Task instructions — Copy out the listing that follows, exactly, without its pictures.
Source material Start Marker
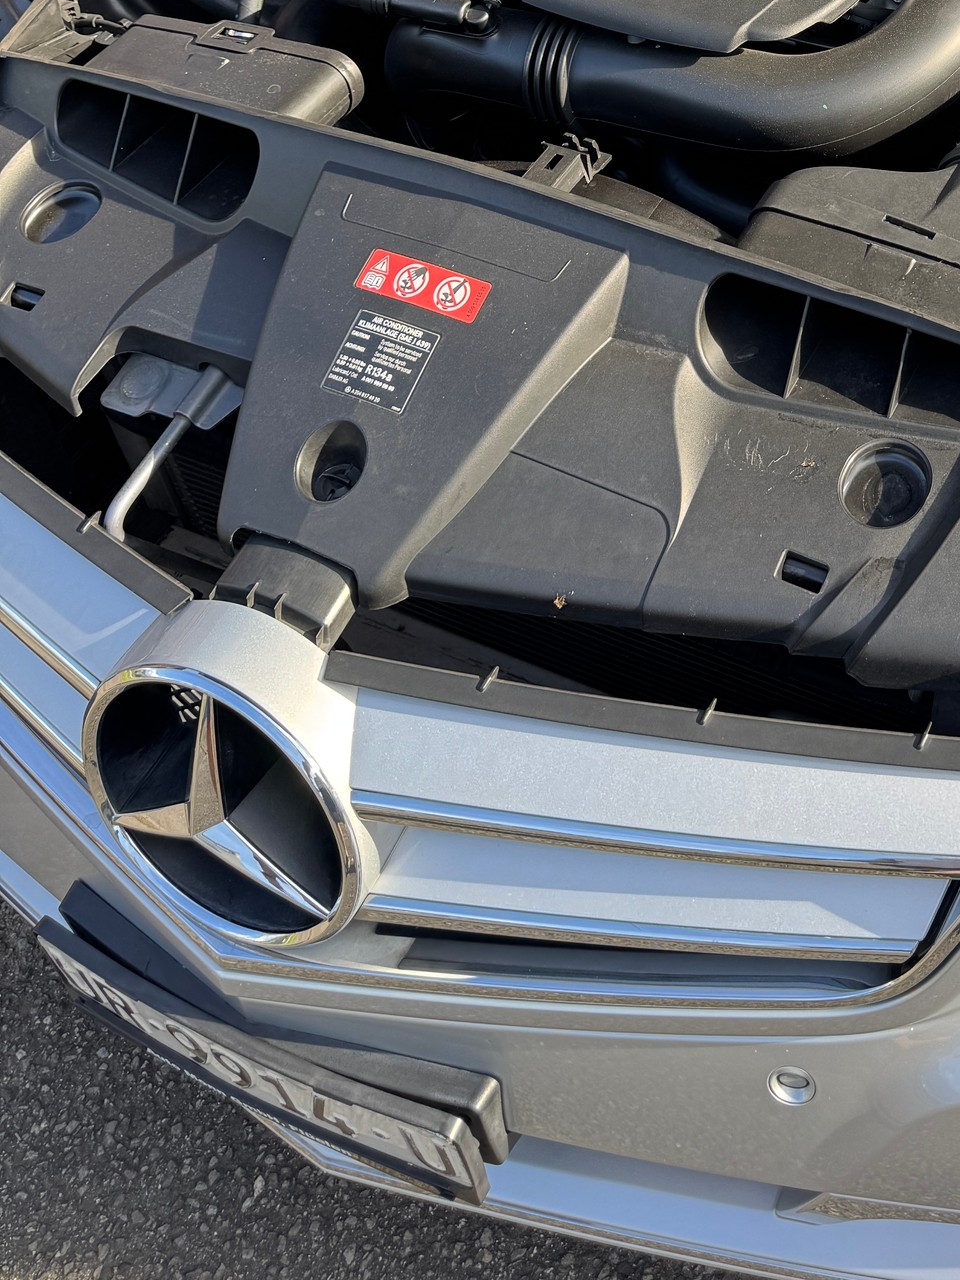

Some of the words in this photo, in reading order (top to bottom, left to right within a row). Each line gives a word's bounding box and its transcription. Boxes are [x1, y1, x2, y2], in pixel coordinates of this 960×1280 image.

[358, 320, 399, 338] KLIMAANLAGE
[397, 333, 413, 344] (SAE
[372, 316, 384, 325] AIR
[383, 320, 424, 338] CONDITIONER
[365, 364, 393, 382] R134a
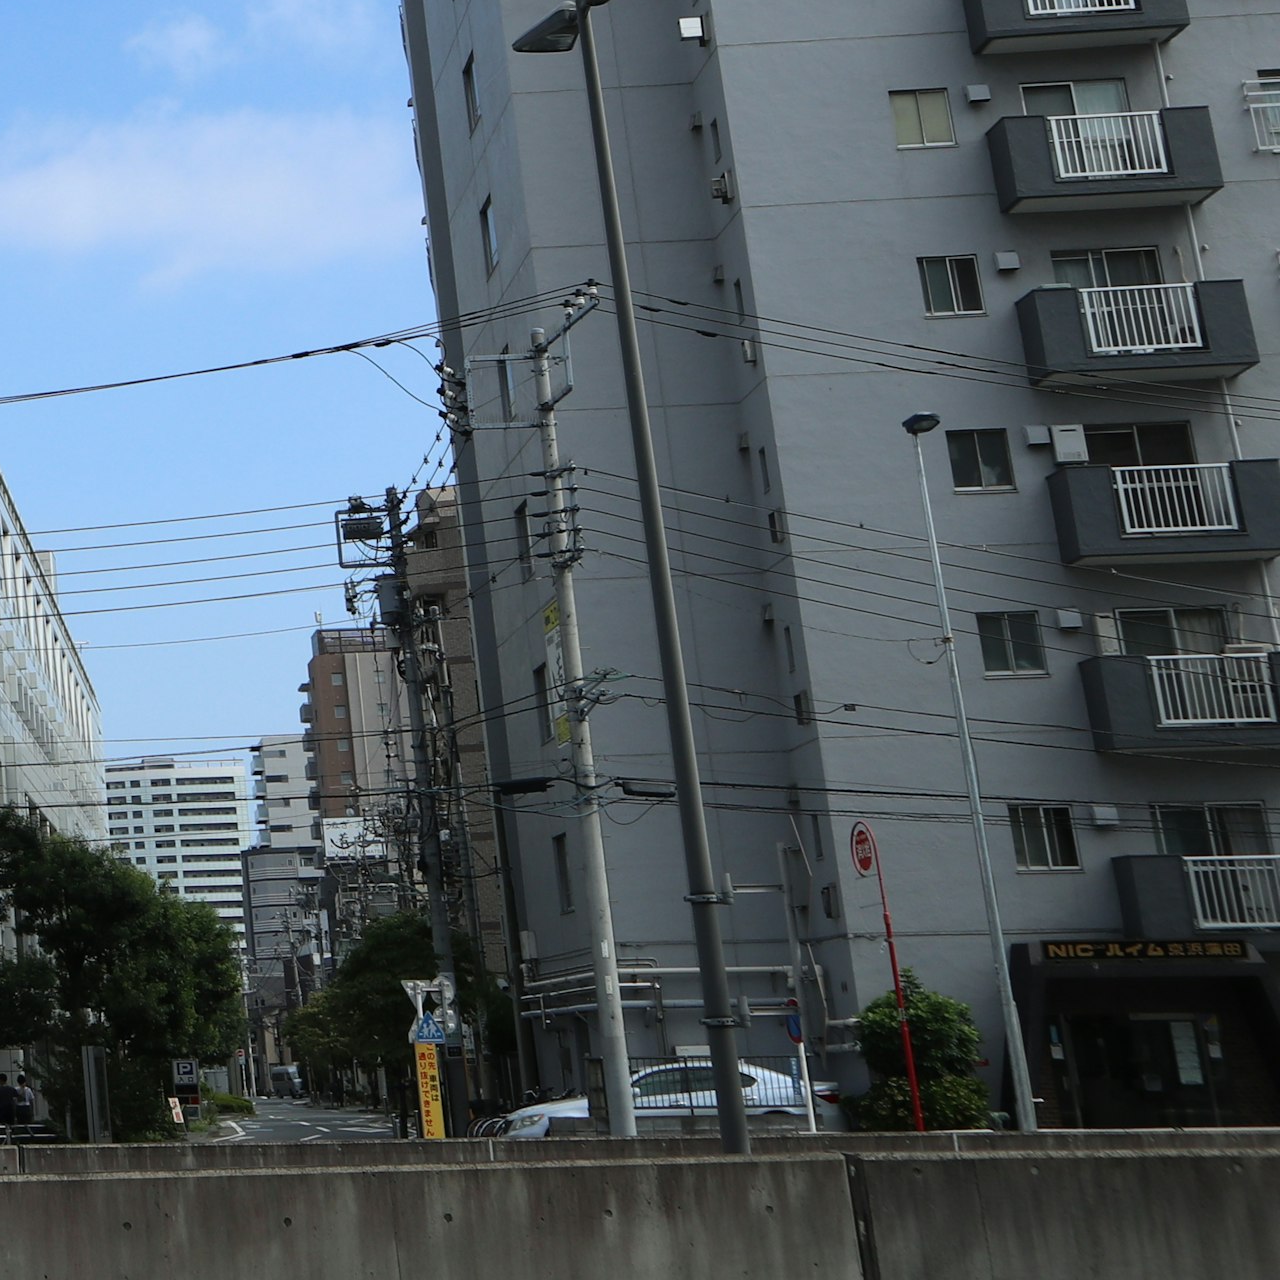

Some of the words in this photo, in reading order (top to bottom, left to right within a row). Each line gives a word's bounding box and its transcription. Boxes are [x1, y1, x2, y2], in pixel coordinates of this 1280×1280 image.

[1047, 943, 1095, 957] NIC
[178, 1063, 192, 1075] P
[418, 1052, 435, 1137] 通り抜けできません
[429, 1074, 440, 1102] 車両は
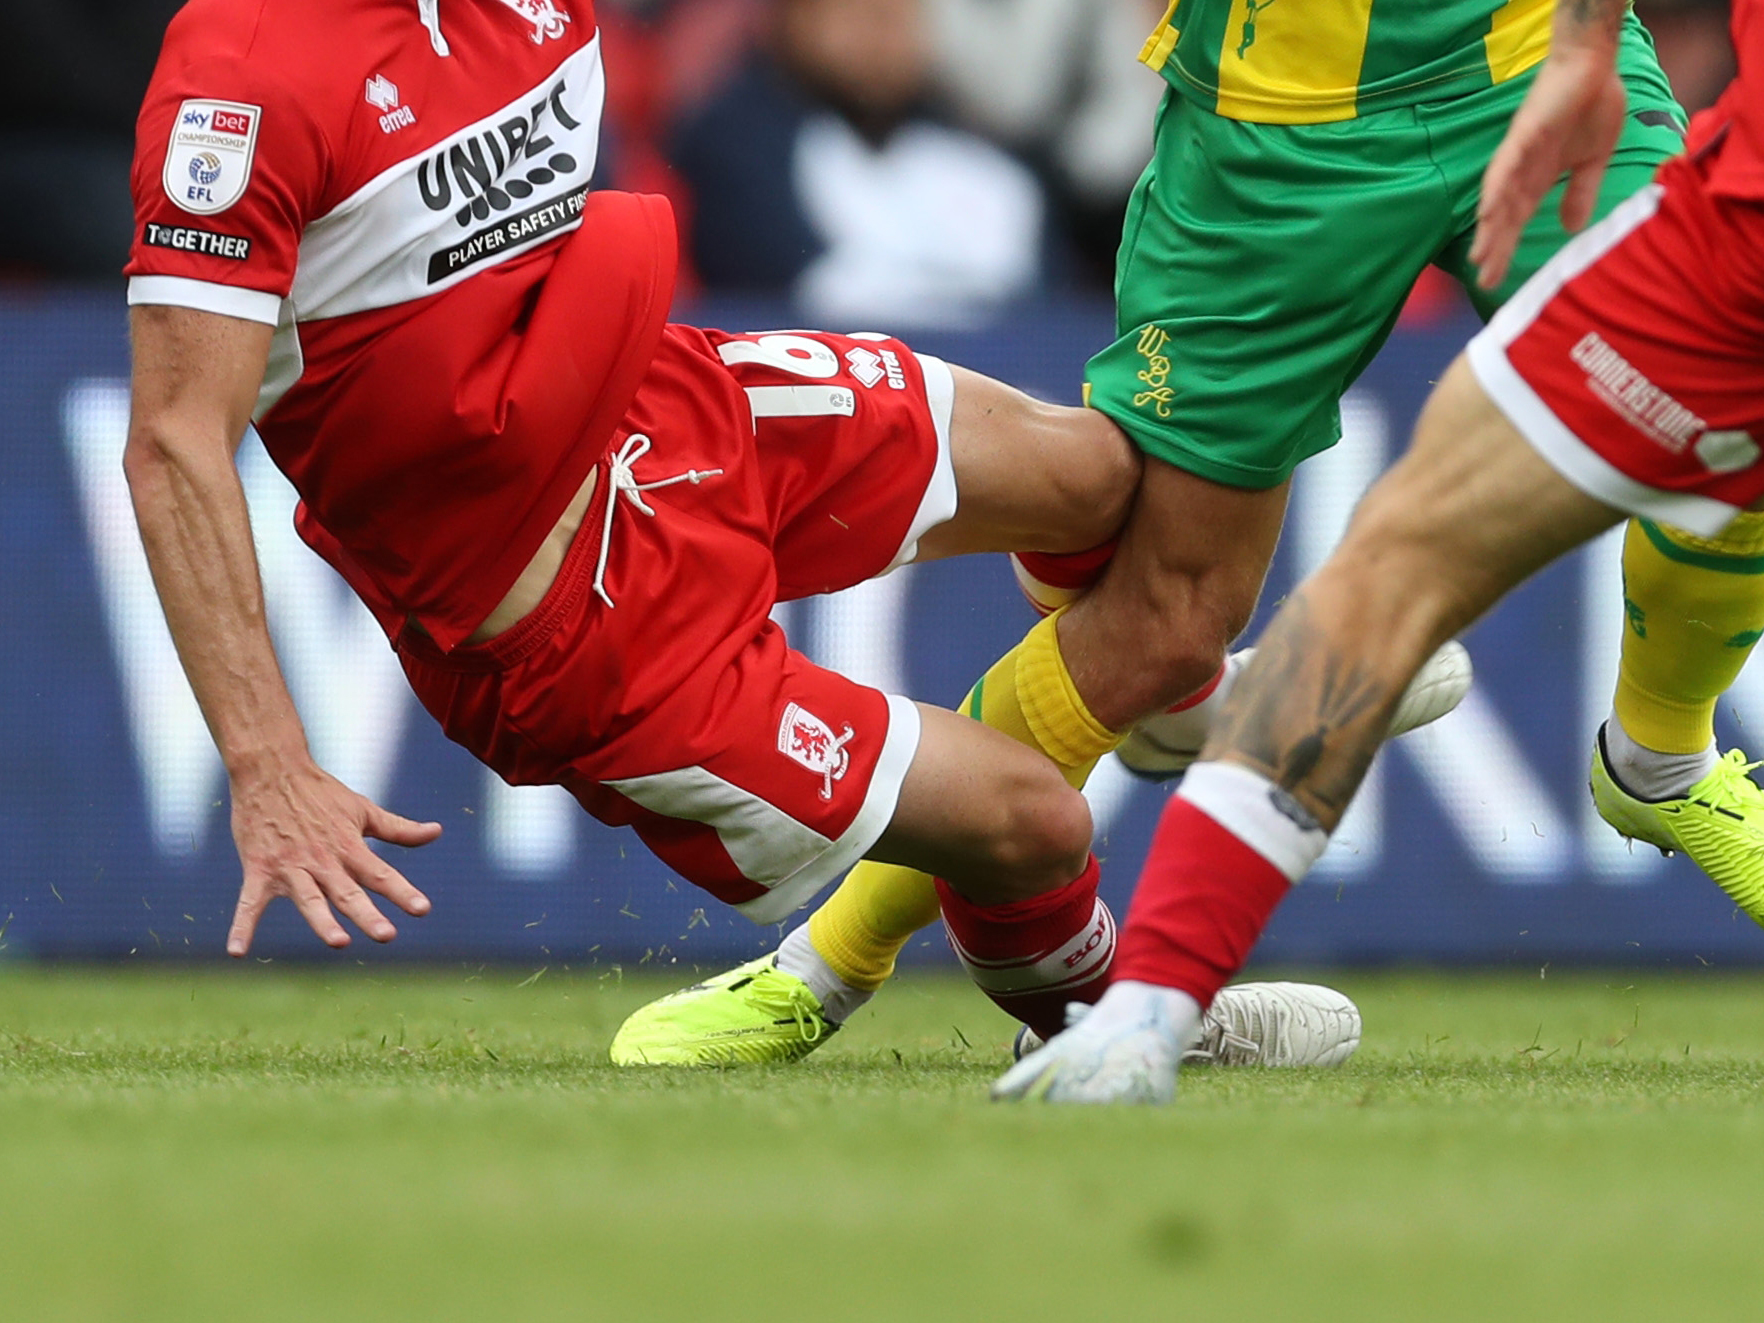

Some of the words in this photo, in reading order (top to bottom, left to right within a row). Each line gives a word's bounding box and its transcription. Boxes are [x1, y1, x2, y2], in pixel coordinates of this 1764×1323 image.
Source material End Marker
Solution to this task —
Some of the words in this photo, in reading order (top to bottom, left to right within a row). Each line gives a word's bounding box and its transcription. Boxes are [x1, y1, x2, y2], in pixel coordinates of this 960×1280 image.

[358, 320, 399, 338] KLIMAANLAGE
[397, 333, 413, 344] (SAE
[372, 316, 384, 325] AIR
[383, 320, 424, 338] CONDITIONER
[365, 364, 393, 382] R134a

Some of the words in this photo, in reading order (top to bottom, left to right within a row). Each line gives a word's bounding box and its transcription. Boxes are [x1, y1, x2, y2], in pixel coordinates of this 1280×1280 image.

[1047, 943, 1095, 957] NIC
[178, 1063, 192, 1075] P
[418, 1052, 435, 1137] 通り抜けできません
[429, 1074, 440, 1102] 車両は

Some of the words in this photo, in reading order (top to bottom, left to right within a row). Each line gives a word's bounding box and its transcription. Boxes are [x1, y1, x2, y2], in pixel coordinates of this 1764×1323 image.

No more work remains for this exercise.